What you have to do
A faithful repeat of all the records, with no image kept, is the required answer.

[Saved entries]
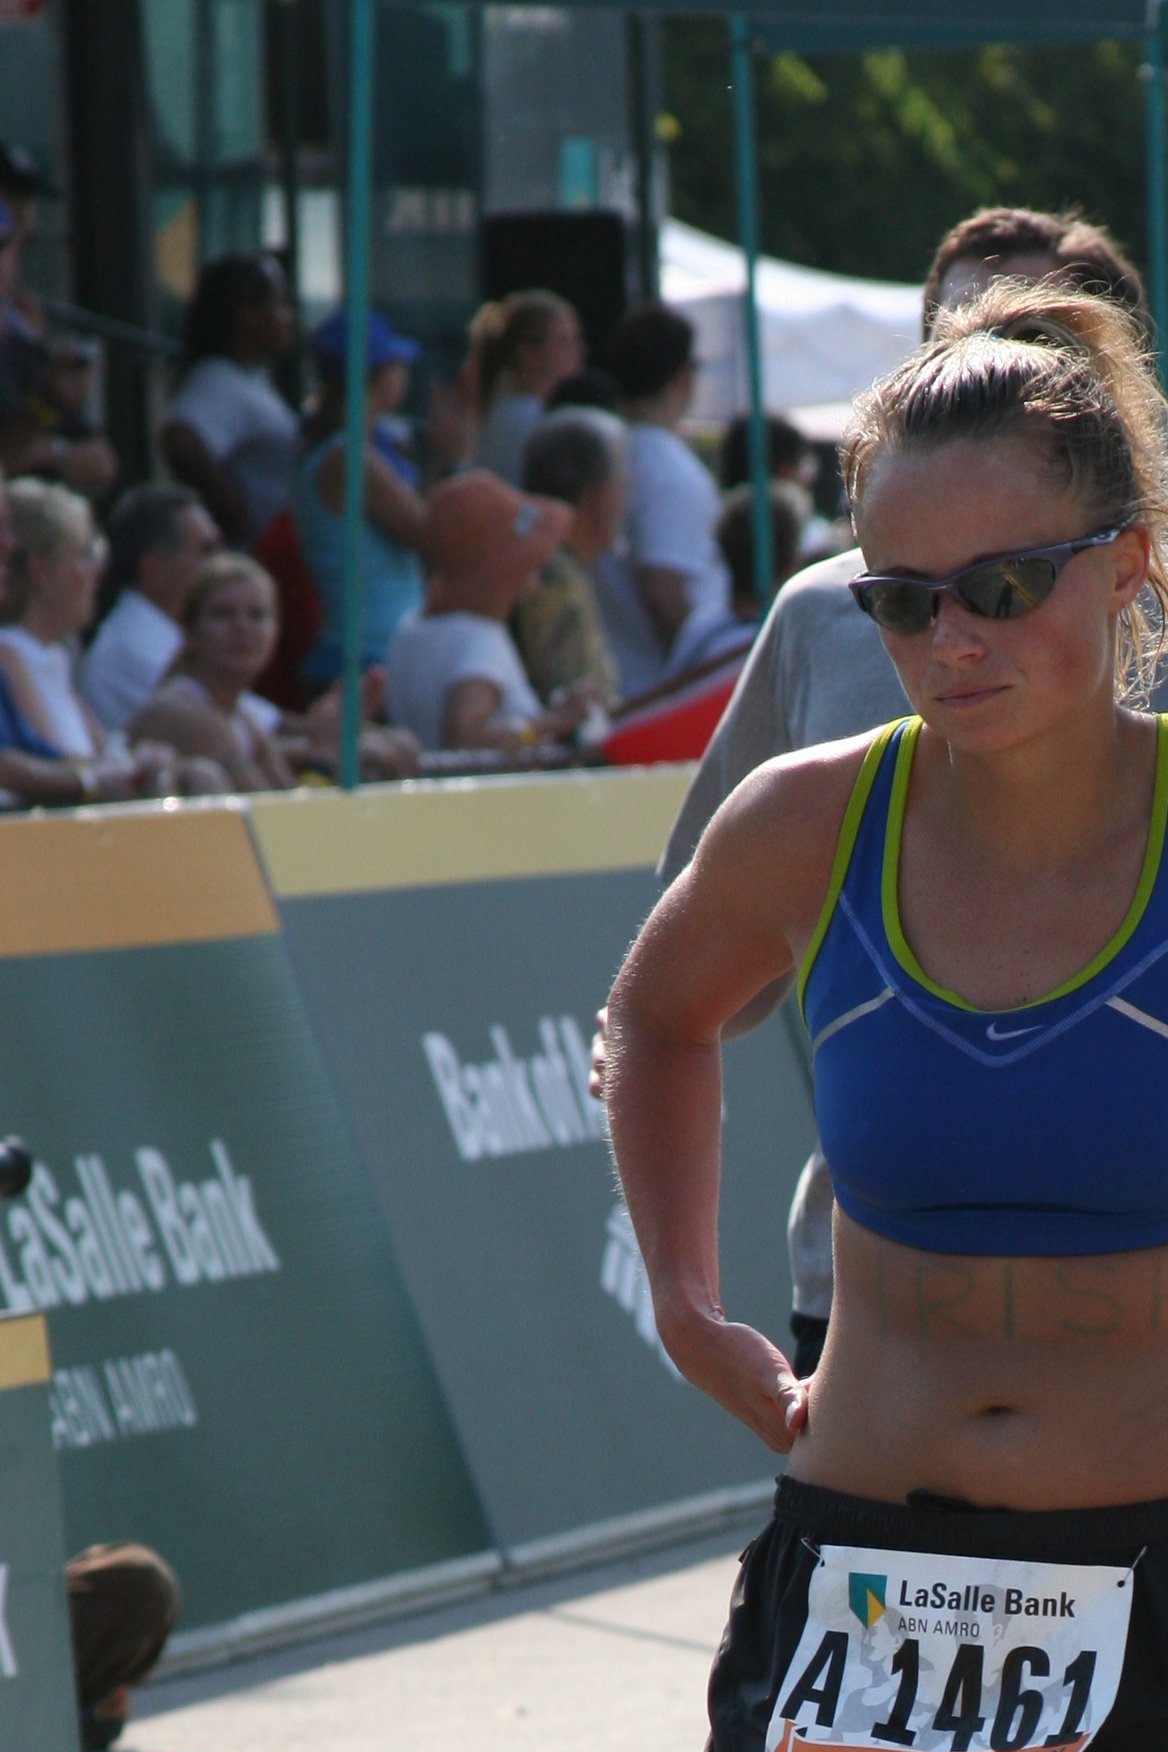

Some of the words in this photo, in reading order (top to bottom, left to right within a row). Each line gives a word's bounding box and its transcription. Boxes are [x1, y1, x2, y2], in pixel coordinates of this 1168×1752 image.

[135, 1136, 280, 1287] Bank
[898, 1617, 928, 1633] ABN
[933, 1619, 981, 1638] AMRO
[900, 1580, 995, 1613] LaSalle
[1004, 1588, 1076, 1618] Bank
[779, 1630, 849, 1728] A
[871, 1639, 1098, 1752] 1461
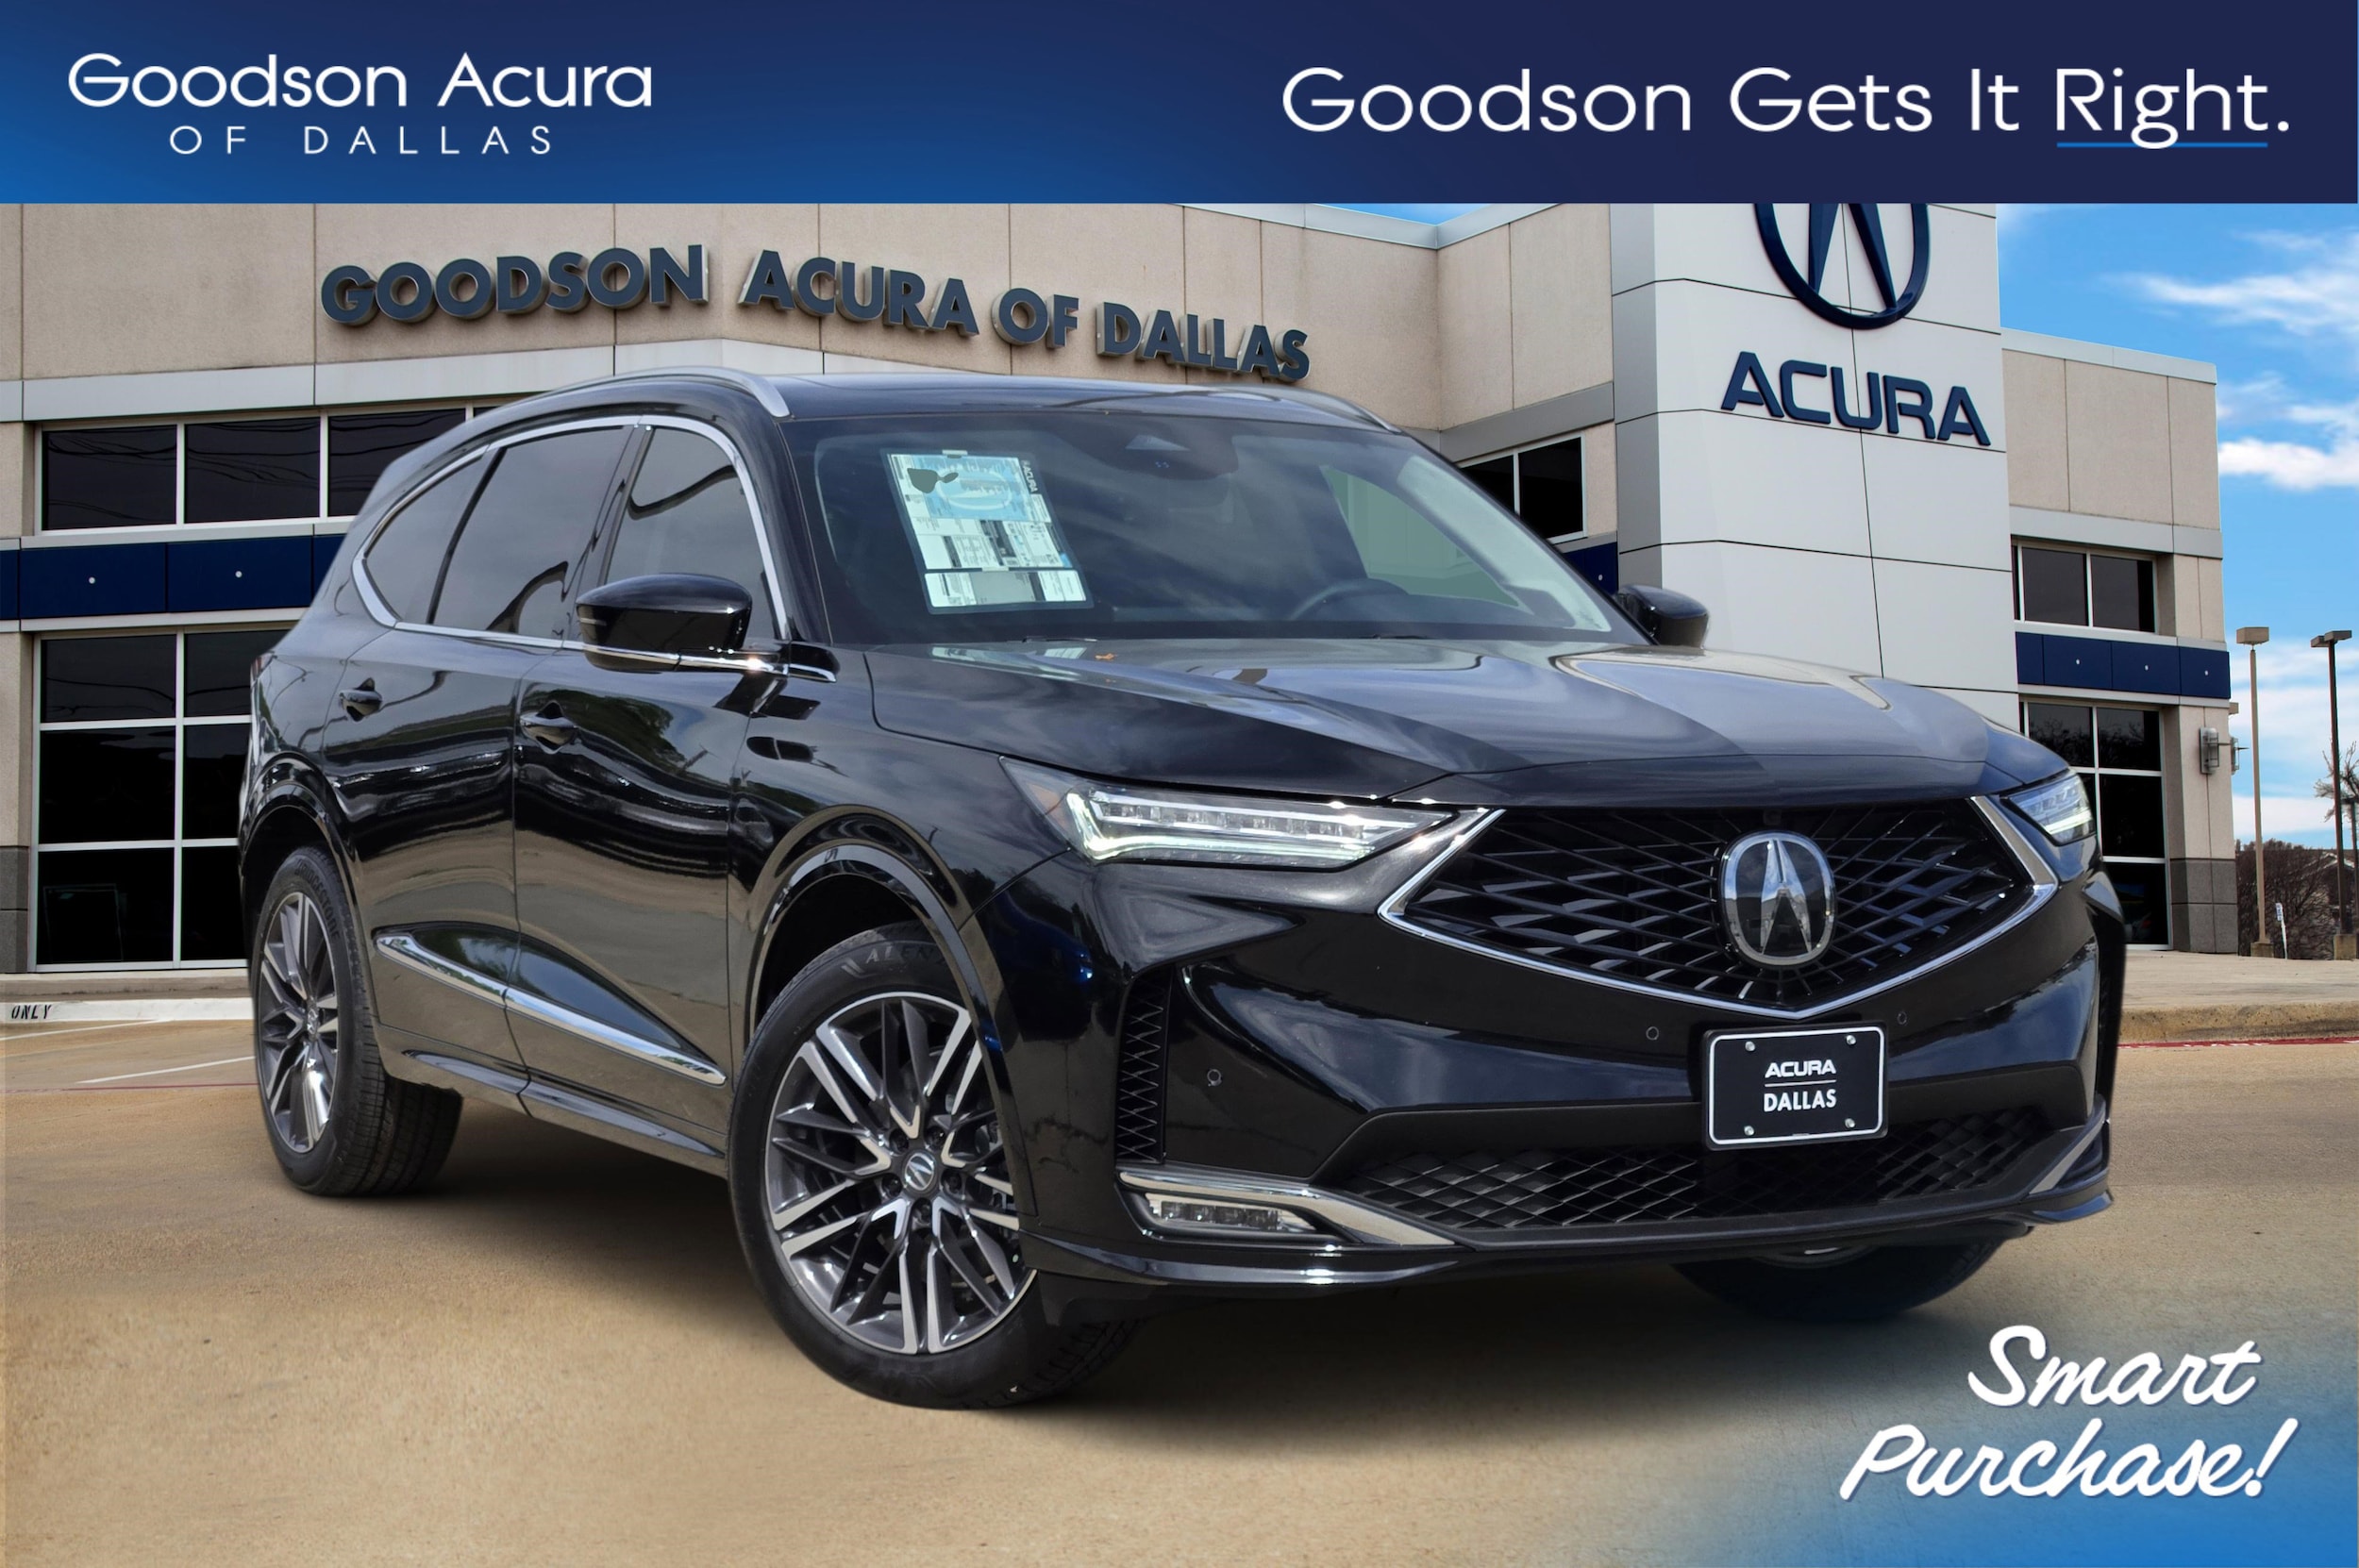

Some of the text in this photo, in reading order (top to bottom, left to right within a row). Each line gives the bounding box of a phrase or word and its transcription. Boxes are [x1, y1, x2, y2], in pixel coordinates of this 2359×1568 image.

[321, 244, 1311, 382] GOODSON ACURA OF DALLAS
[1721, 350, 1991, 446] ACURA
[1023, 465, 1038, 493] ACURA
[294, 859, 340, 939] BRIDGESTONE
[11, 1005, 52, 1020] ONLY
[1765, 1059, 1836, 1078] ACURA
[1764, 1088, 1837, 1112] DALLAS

Reply to the task
Some of the words in this photo, in reading order (top to bottom, left to right within a row). Each line gives a word's bounding box and its transcription. Boxes are [x1, y1, x2, y2], in pixel coordinates of this 1168×1752 image.

[135, 1136, 280, 1287] Bank
[898, 1617, 928, 1633] ABN
[933, 1619, 981, 1638] AMRO
[900, 1580, 995, 1613] LaSalle
[1004, 1588, 1076, 1618] Bank
[779, 1630, 849, 1728] A
[871, 1639, 1098, 1752] 1461

Some of the text in this photo, in reading order (top to bottom, left to right within a row). Each line gives the bounding box of a phrase or word and its transcription. Boxes are [x1, y1, x2, y2], in pixel coordinates of this 2359×1568 image.

[321, 244, 1311, 382] GOODSON ACURA OF DALLAS
[1721, 350, 1991, 446] ACURA
[1023, 465, 1038, 493] ACURA
[294, 859, 340, 939] BRIDGESTONE
[11, 1005, 52, 1020] ONLY
[1765, 1059, 1836, 1078] ACURA
[1764, 1088, 1837, 1112] DALLAS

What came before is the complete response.